━━━━━ DATA RECORDS

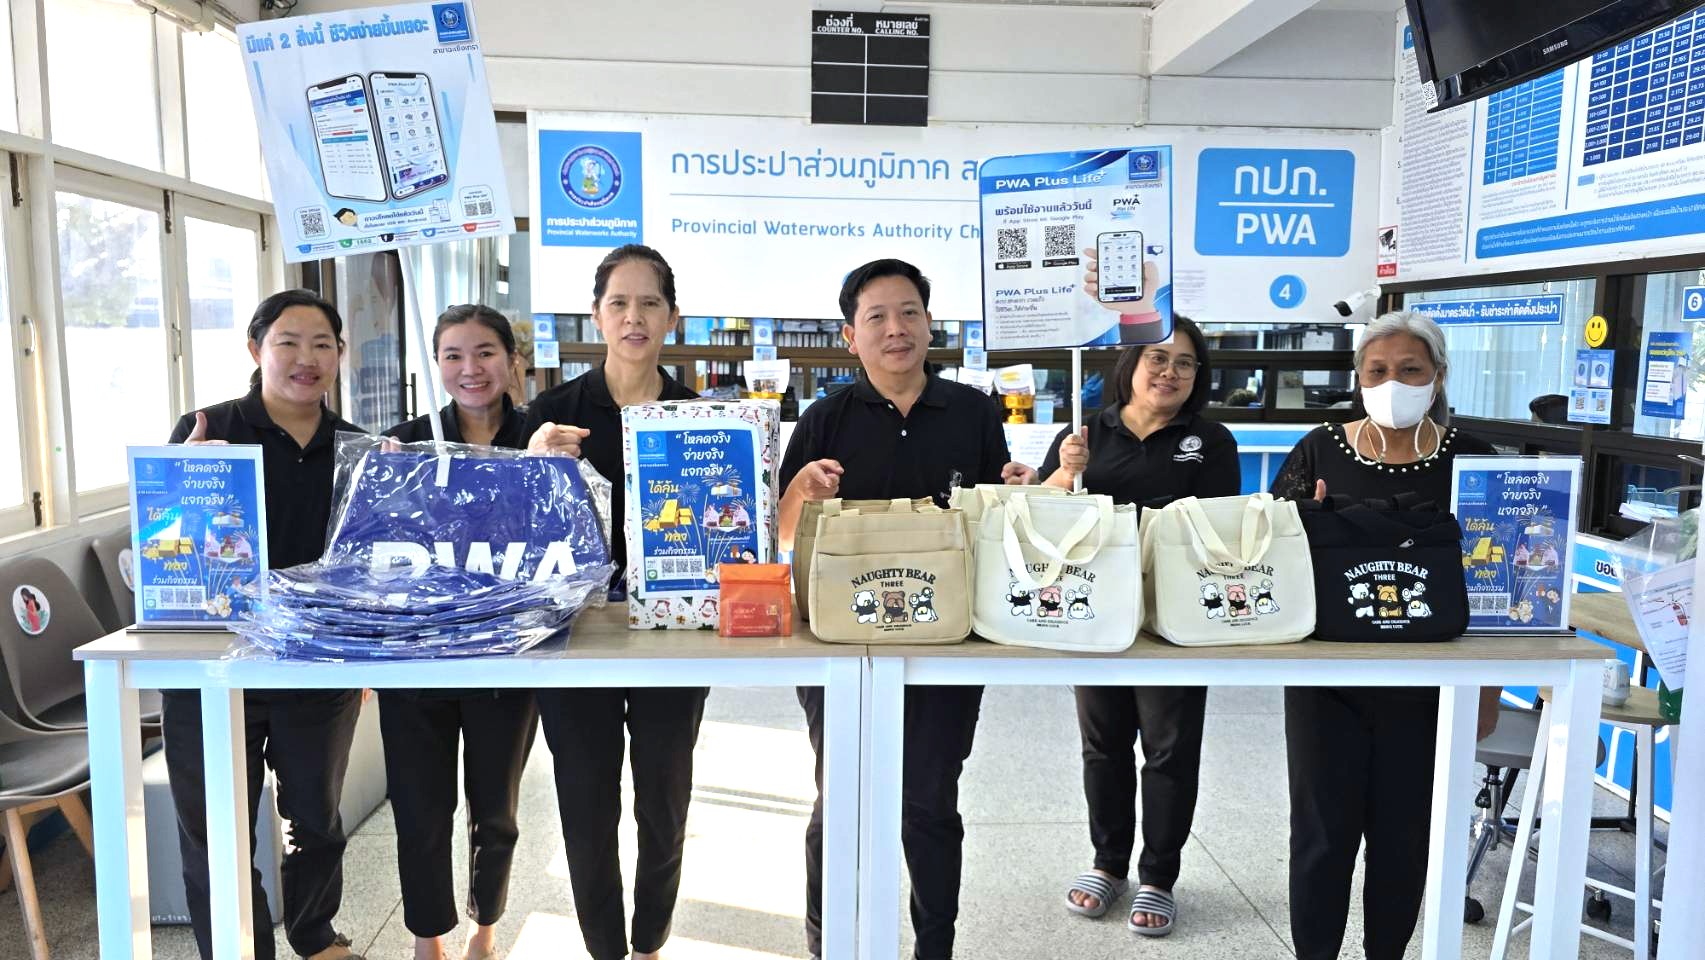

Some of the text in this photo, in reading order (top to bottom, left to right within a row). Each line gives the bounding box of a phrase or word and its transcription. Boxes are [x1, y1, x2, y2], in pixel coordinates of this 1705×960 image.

[826, 13, 918, 30] ช่องที่ หมายเลข
[246, 12, 430, 53] มีแค่ 2 สิ่งนี้ ชีวิตง่ายขึ้นเยอะ
[1542, 39, 1569, 55] SAMSUNG
[672, 148, 950, 188] การประปาส่วนภูมิภาค
[996, 177, 1031, 189] PWA
[1035, 176, 1069, 187] Plus
[1234, 158, 1328, 196] กปภ.
[995, 199, 1092, 216] พร้อมใช้งานแล้ววันนี้
[547, 216, 638, 230] การประปาส่วนภูมิภาค
[672, 218, 757, 235] Provincial
[764, 220, 865, 237] Waterworks
[872, 222, 953, 240] Authority
[1236, 212, 1317, 246] PWA
[996, 288, 1021, 296] PWA
[1278, 283, 1291, 300] 4
[682, 446, 724, 460] จ่ายจริง
[183, 475, 225, 489] จ่ายจริง
[648, 480, 680, 499] ได้ลุ้น
[1501, 488, 1541, 500] จ่ายจริง
[1464, 517, 1494, 535] ได้ลุ้น
[663, 530, 687, 542] ทอง
[653, 543, 697, 555] ร่วมกิจกรรม
[152, 574, 198, 585] ร่วมกิจกรรม
[852, 568, 937, 588] NAUGHTY BEAR
[1065, 564, 1097, 582] BEAR
[1344, 561, 1429, 581] NAUGHTY BEAR
[1373, 573, 1396, 581] THREE
[880, 580, 904, 588] THREE
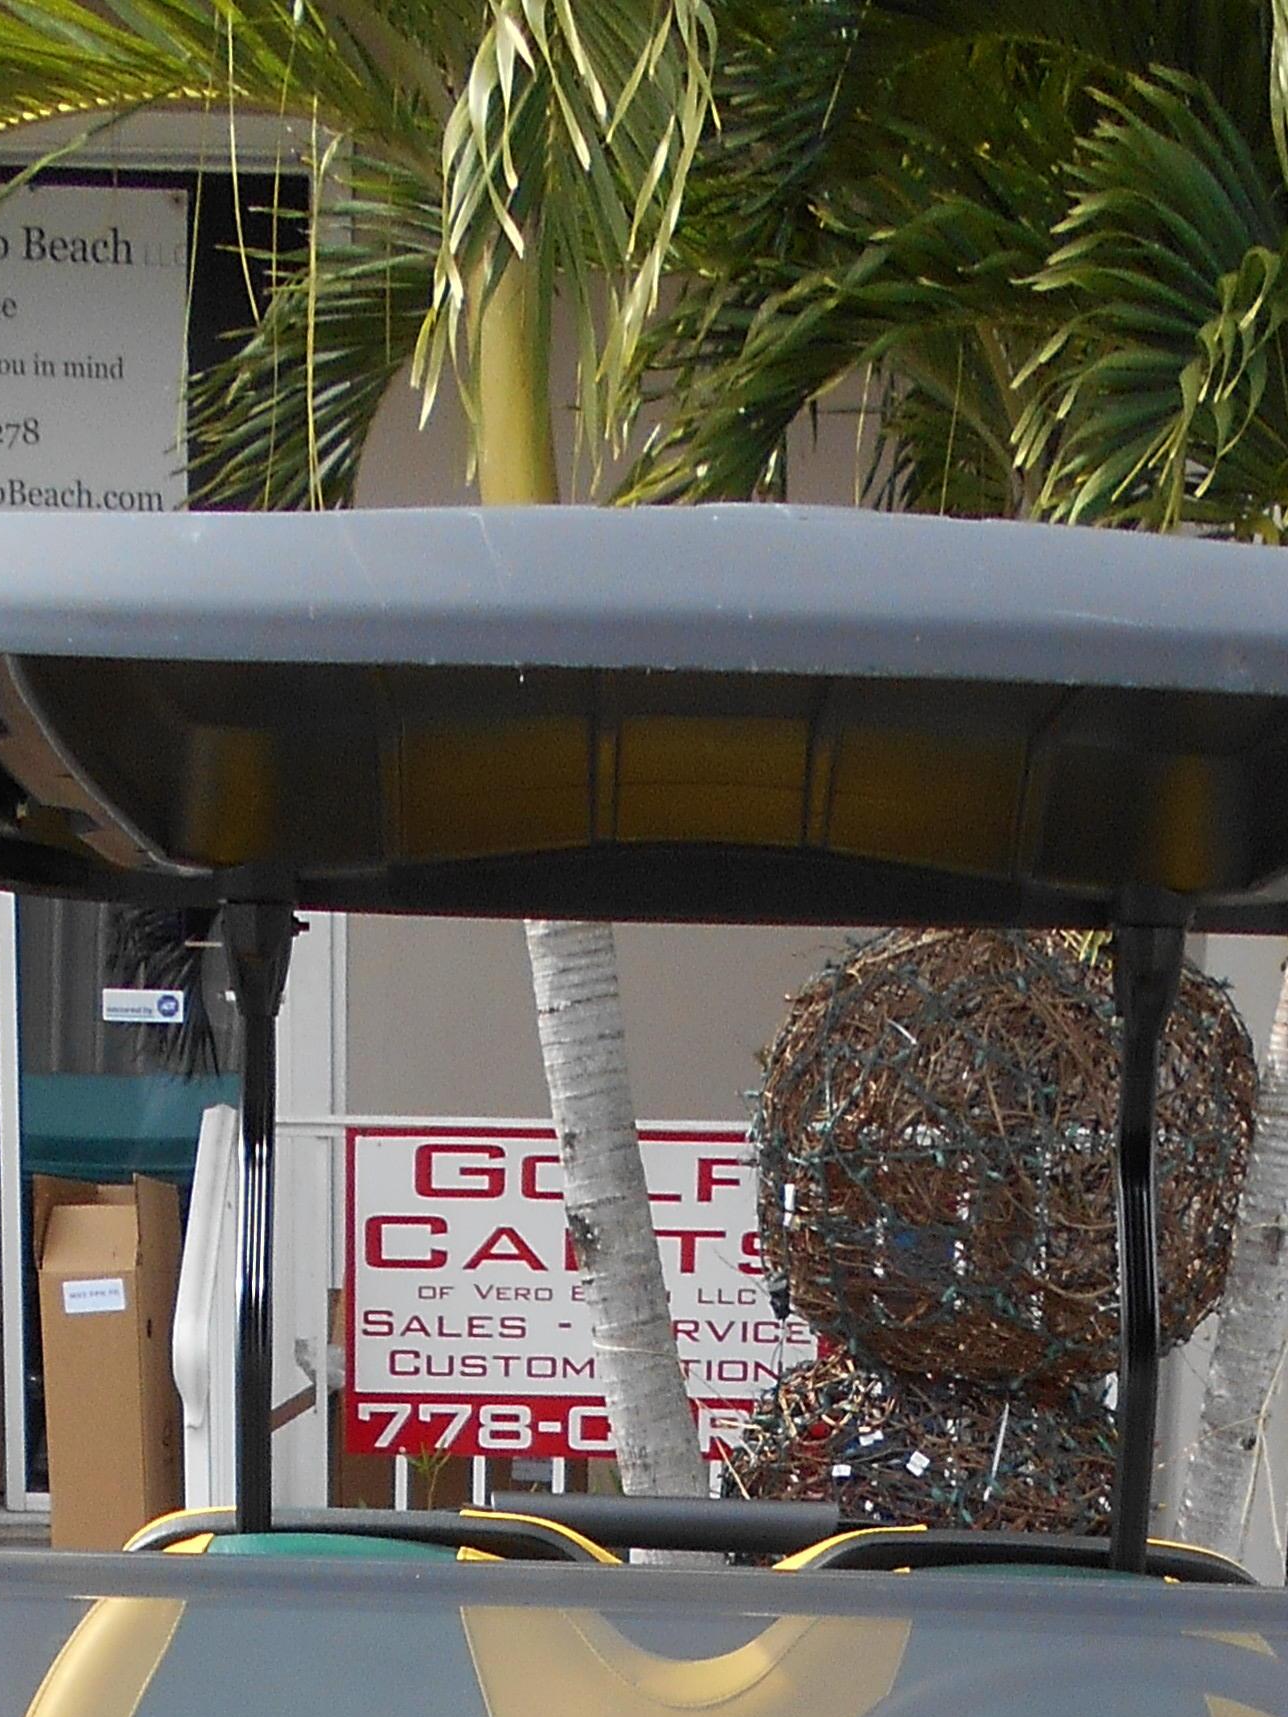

━━━━━━━━━━

What you return should be the entries from above, unchanged and without their images.

Some of the text in this photo, in reading order (top to bottom, left to right within a row). Each line gives the bounding box of a phrase or word and its transcription. Boxes are [x1, y1, x2, y2], in pixel coordinates of this 1705×960 image.

[826, 13, 918, 30] ช่องที่ หมายเลข
[246, 12, 430, 53] มีแค่ 2 สิ่งนี้ ชีวิตง่ายขึ้นเยอะ
[1542, 39, 1569, 55] SAMSUNG
[672, 148, 950, 188] การประปาส่วนภูมิภาค
[996, 177, 1031, 189] PWA
[1035, 176, 1069, 187] Plus
[1234, 158, 1328, 196] กปภ.
[995, 199, 1092, 216] พร้อมใช้งานแล้ววันนี้
[547, 216, 638, 230] การประปาส่วนภูมิภาค
[672, 218, 757, 235] Provincial
[764, 220, 865, 237] Waterworks
[872, 222, 953, 240] Authority
[1236, 212, 1317, 246] PWA
[996, 288, 1021, 296] PWA
[1278, 283, 1291, 300] 4
[682, 446, 724, 460] จ่ายจริง
[183, 475, 225, 489] จ่ายจริง
[648, 480, 680, 499] ได้ลุ้น
[1501, 488, 1541, 500] จ่ายจริง
[1464, 517, 1494, 535] ได้ลุ้น
[663, 530, 687, 542] ทอง
[653, 543, 697, 555] ร่วมกิจกรรม
[152, 574, 198, 585] ร่วมกิจกรรม
[852, 568, 937, 588] NAUGHTY BEAR
[1065, 564, 1097, 582] BEAR
[1344, 561, 1429, 581] NAUGHTY BEAR
[1373, 573, 1396, 581] THREE
[880, 580, 904, 588] THREE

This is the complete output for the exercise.